图4 昆虫体内病毒的RT-PCR∕PCR检测Fig.4 Detection of viruses in insects by RT-PCR∕PCR

3 讨论

在葡萄病害调查过程中,发现上海葡萄园主要采用精细化管理,表现明显症状的植株相对较少,从4个沪郊葡萄园中采集的表现轻微黄化症状的叶片混合后进行小RNA测序,检出GGVA、GFabV、GFkV、GLRaV-2和GRSPaV 5种葡萄病毒,利用RT-PCR和PCR方法进行验证,二者结果一致。可见,上述5种病毒可能是上海地区葡萄病毒病的主要病源。但由于葡萄存在多种病毒复合侵染现象,还需通过分离接种等试验进一步明确病毒与症状之间的关系。

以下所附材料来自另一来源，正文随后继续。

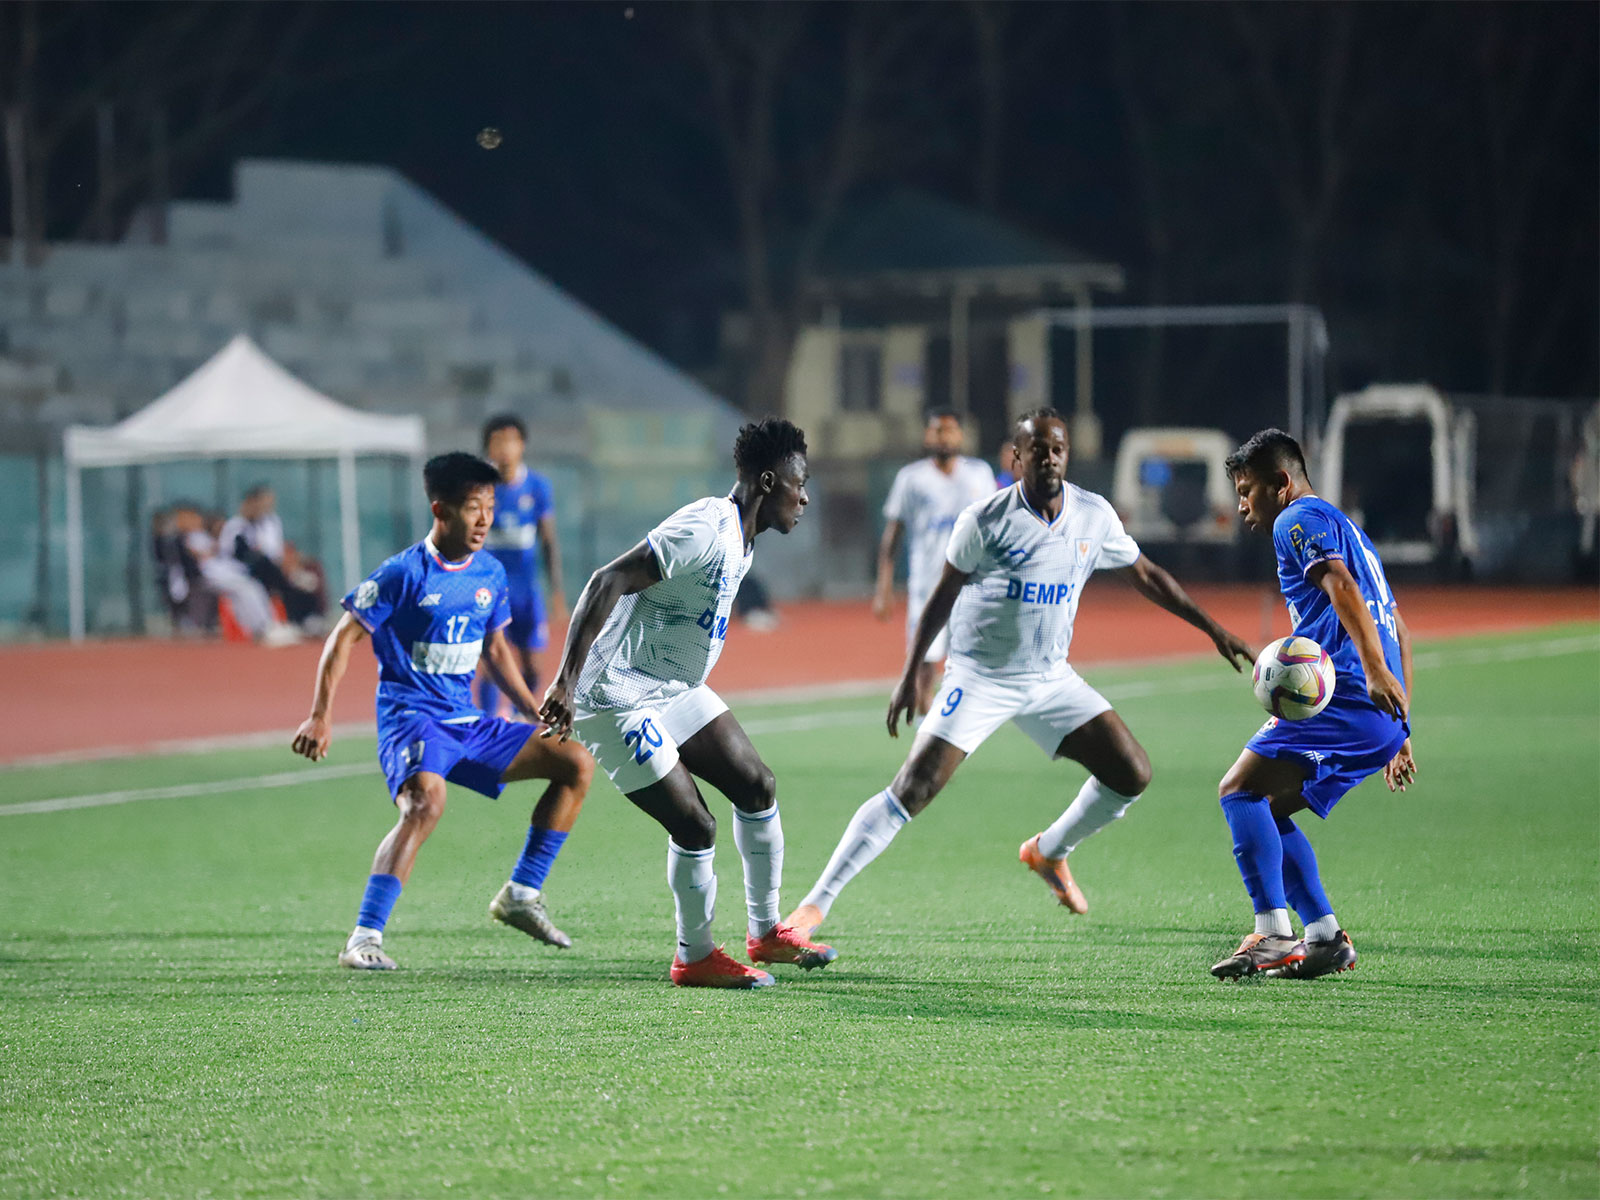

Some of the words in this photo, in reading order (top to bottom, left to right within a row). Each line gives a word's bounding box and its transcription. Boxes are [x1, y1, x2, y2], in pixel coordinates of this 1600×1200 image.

[447, 615, 470, 643] 17
[941, 688, 963, 716] 9
[625, 717, 663, 766] 20

GGVA是2017年美国在对韩国进口的2种鲜食葡萄上利用深度测序技术筛查发现的葡萄新病毒[10],研究者对加州地区葡萄园调查结果显示GGVA发生率仅为1.74%。2018年Jo等[11]在韩国调查葡萄病害时,也在多个葡萄品种中首次检出该病毒。其后,范旭东等[6]在山东、辽宁、四川、北京等地葡萄园进行调查,发现GGVA在一些引进的栽培品种如‘夏黑’上发生普遍,而本土品种则未检出GGVA,说明我国境内检出的GGVA可能是近几年葡萄品种引进随种苗传带入境,需对葡萄等带毒风险高的种苗实施严格的检疫。

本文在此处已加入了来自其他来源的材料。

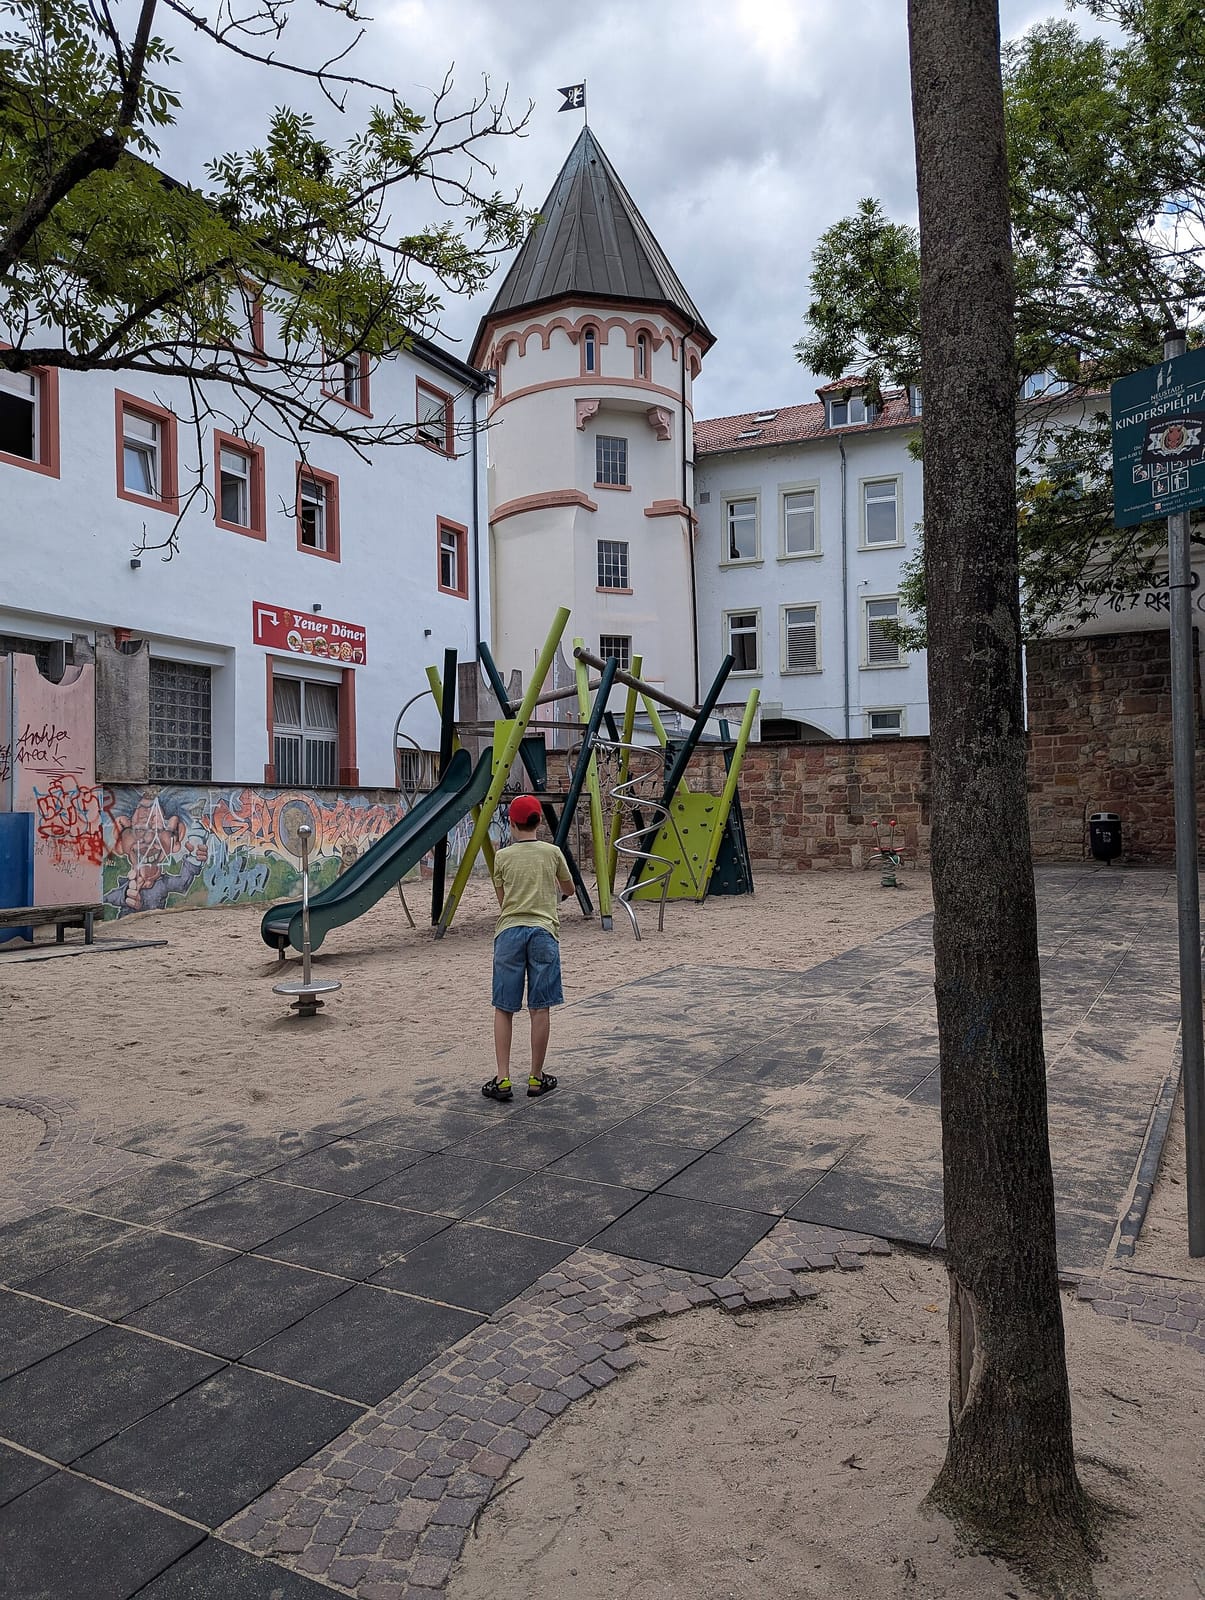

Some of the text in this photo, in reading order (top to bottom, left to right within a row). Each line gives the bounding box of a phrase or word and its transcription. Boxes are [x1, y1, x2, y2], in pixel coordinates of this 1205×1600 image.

[1151, 384, 1184, 401] NEUSTADT
[293, 614, 365, 641] Yener Döner

在发病葡萄园进行昆虫采集,并对其进行病毒检测。利用PCR或RT-PCR方法在粉虱、蓟马、狭领纹唇盲蝽、菊方翅网蝽、蚜虫和寡脉蝇体内均检出GGVA。GGVA为双生病毒科病毒,是典型的虫传病毒,文献报道双生病毒的主要传毒介体为粉虱、叶蝉等[12],蓟马、狭领纹唇盲蝽、菊方翅网蝽、寡脉蝇尚未见报道。因此,这几种昆虫虽然带毒,是否传毒、传毒特点和危害程度需要进一步研究。对虫传病毒而言,由于昆虫在葡萄园中普遍存在,数量庞大,通过采集传媒昆虫监测田间病毒发生情况,可大大将病毒发生预警时间提前,以便采取必要的防控措施,减少农作物的损失。